[Your goal] Your output must hold every entry exactly as written and none of the pictures.

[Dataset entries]
= Beginning of Section =

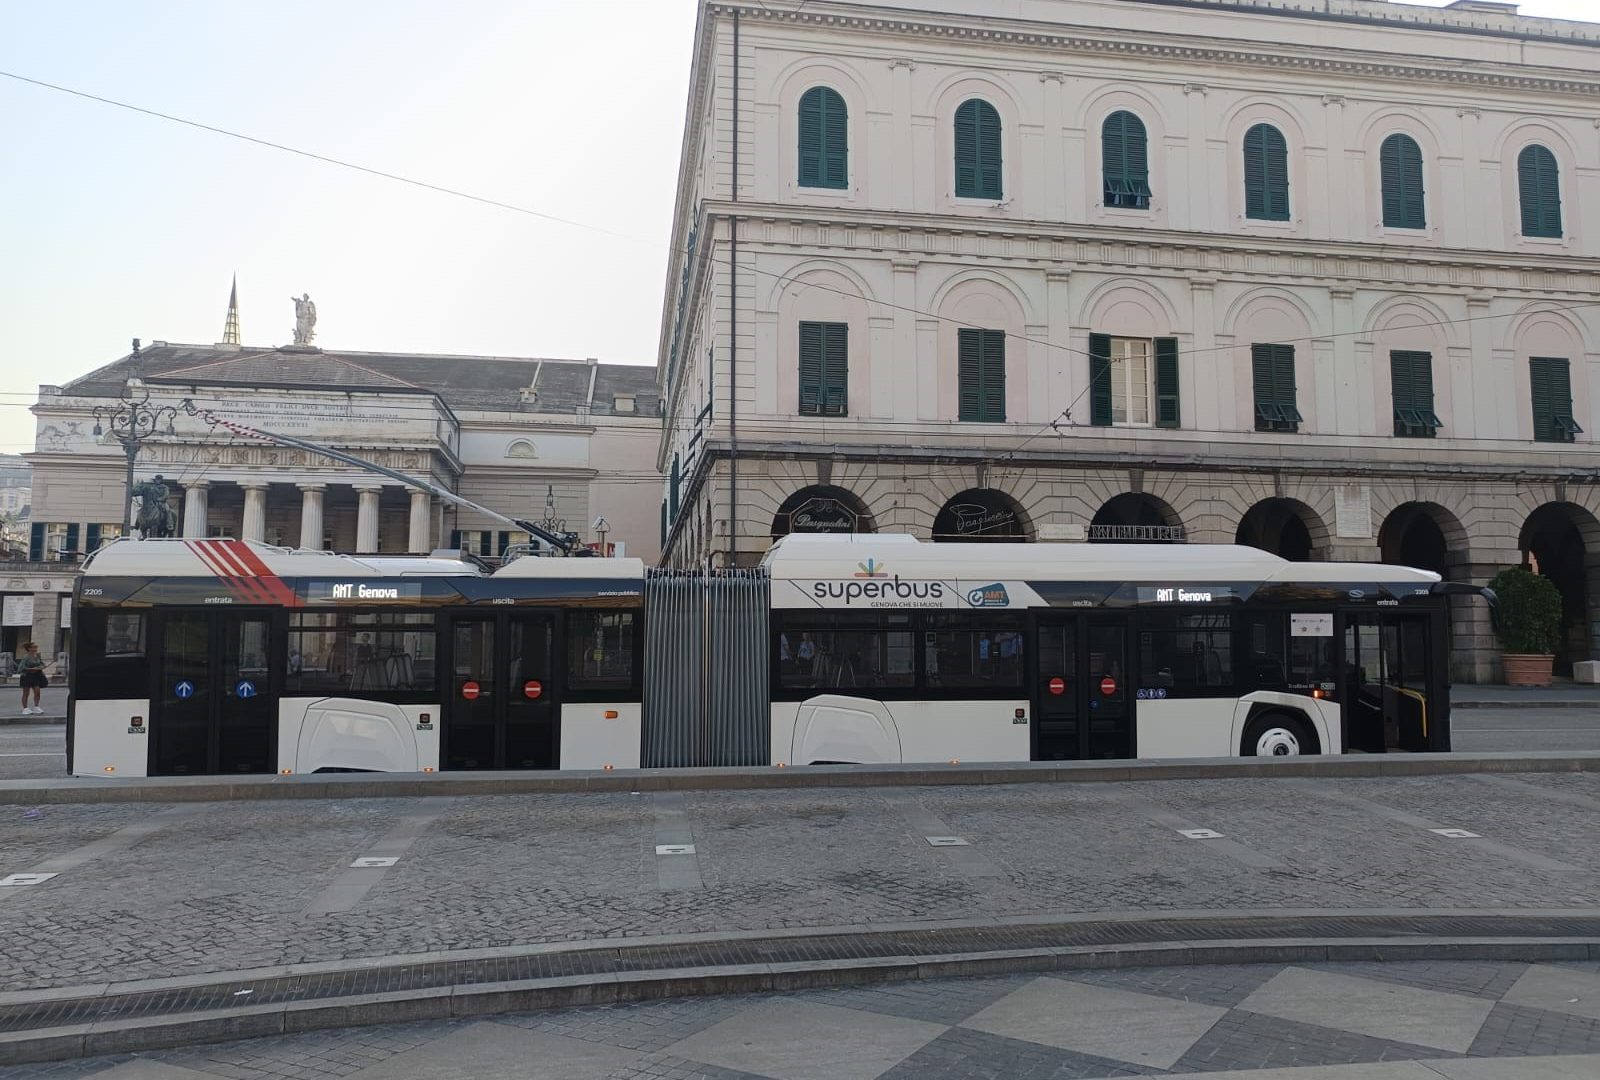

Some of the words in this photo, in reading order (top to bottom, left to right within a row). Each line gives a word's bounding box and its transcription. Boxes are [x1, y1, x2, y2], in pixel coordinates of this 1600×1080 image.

[333, 583, 353, 598] AMT
[358, 583, 398, 598] Genova
[814, 574, 943, 604] superbus
[1156, 588, 1174, 602] AMT
[1178, 588, 1212, 602] Genova
[492, 597, 515, 605] uscita
[1072, 599, 1093, 607] uscita
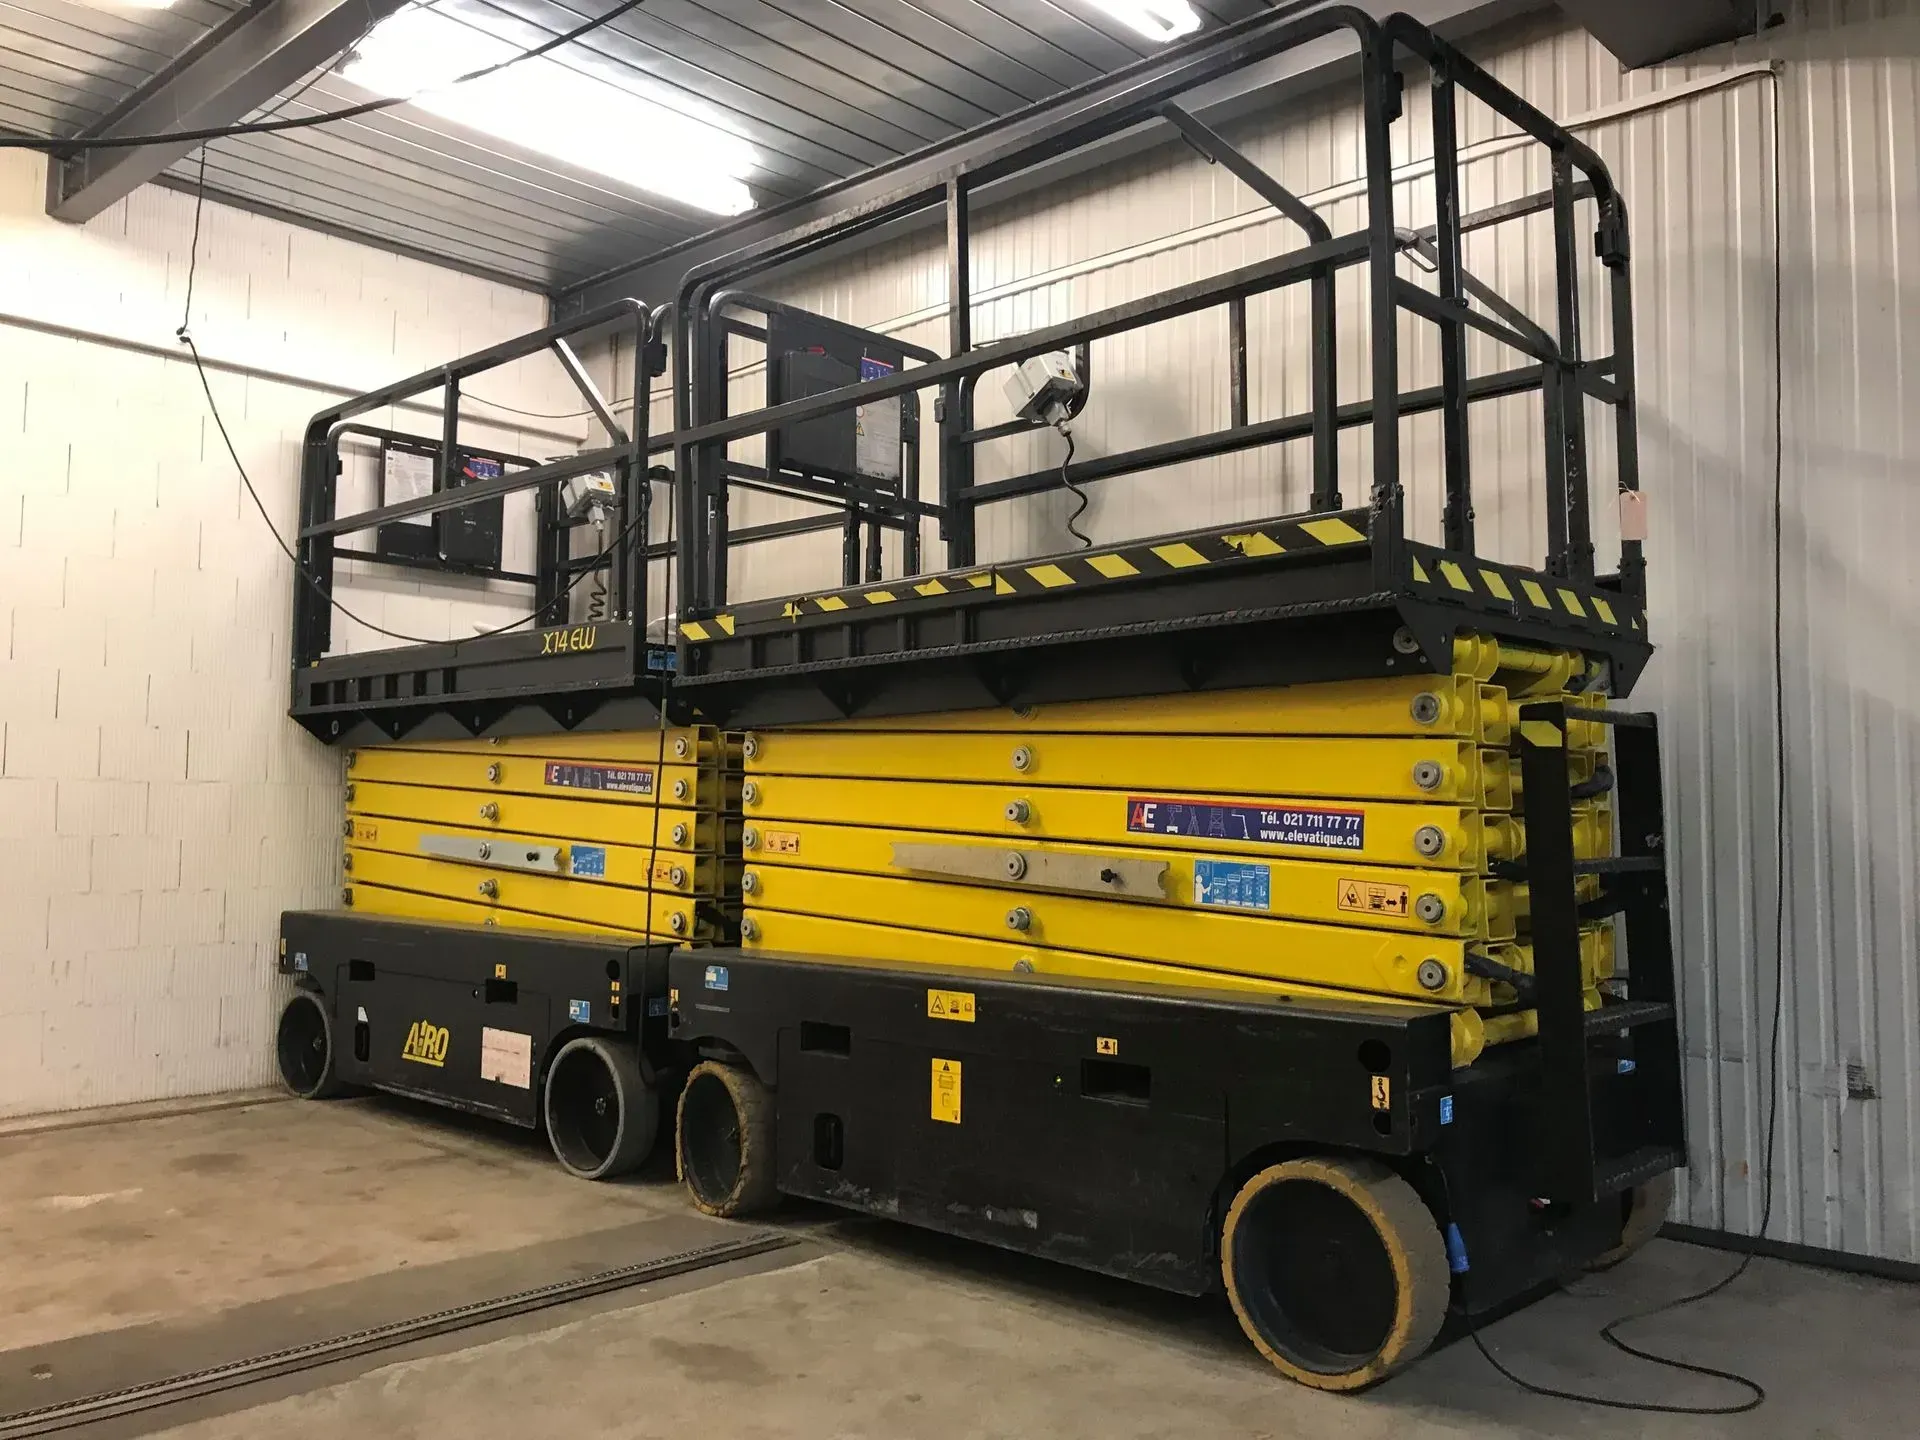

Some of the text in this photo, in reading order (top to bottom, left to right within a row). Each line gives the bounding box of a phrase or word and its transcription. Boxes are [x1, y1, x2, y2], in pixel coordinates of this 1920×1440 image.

[541, 626, 596, 654] X14 EW
[1260, 811, 1361, 830] Tél. 021 711 77 77
[1260, 829, 1360, 846] www.elevatique.ch
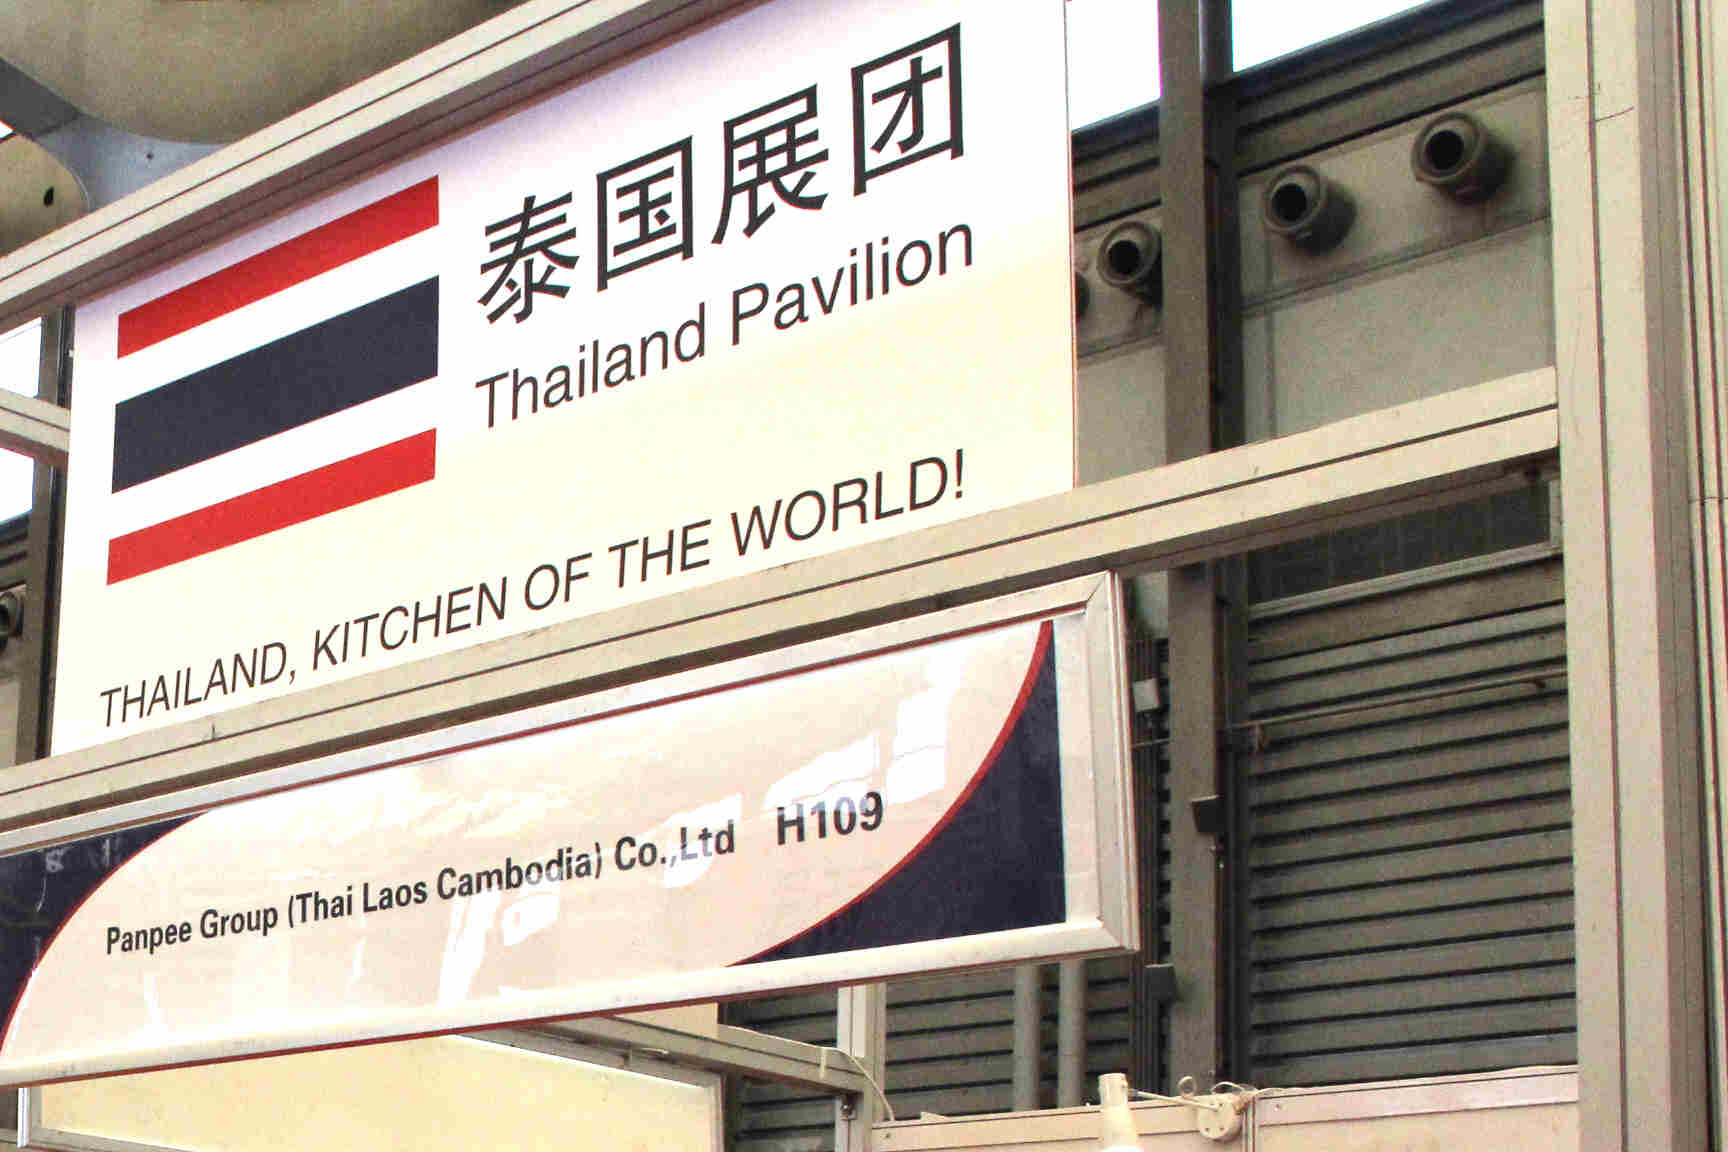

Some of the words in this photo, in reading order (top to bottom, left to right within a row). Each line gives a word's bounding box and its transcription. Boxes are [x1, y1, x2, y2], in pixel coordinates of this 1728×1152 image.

= End of Section =

[Finished exercise]
Some of the words in this photo, in reading order (top to bottom, left to right within a row). Each line gives a word's bounding box and its transcription. Boxes are [x1, y1, x2, y2], in pixel coordinates of this 1600×1080 image.

[333, 583, 353, 598] AMT
[358, 583, 398, 598] Genova
[814, 574, 943, 604] superbus
[1156, 588, 1174, 602] AMT
[1178, 588, 1212, 602] Genova
[492, 597, 515, 605] uscita
[1072, 599, 1093, 607] uscita

Some of the text in this photo, in reading order (top to bottom, left to right within a row). Each line gives the bounding box of a phrase or word and its transcription. Boxes are [x1, y1, x2, y2], in pixel coordinates of this 1920×1440 image.

[541, 626, 596, 654] X14 EW
[1260, 811, 1361, 830] Tél. 021 711 77 77
[1260, 829, 1360, 846] www.elevatique.ch

Some of the words in this photo, in reading order (top to bottom, left to right within a row). Each line gives a word's bounding box and its transcription. Boxes are [x1, y1, x2, y2], in pixel coordinates of this 1728×1152 image.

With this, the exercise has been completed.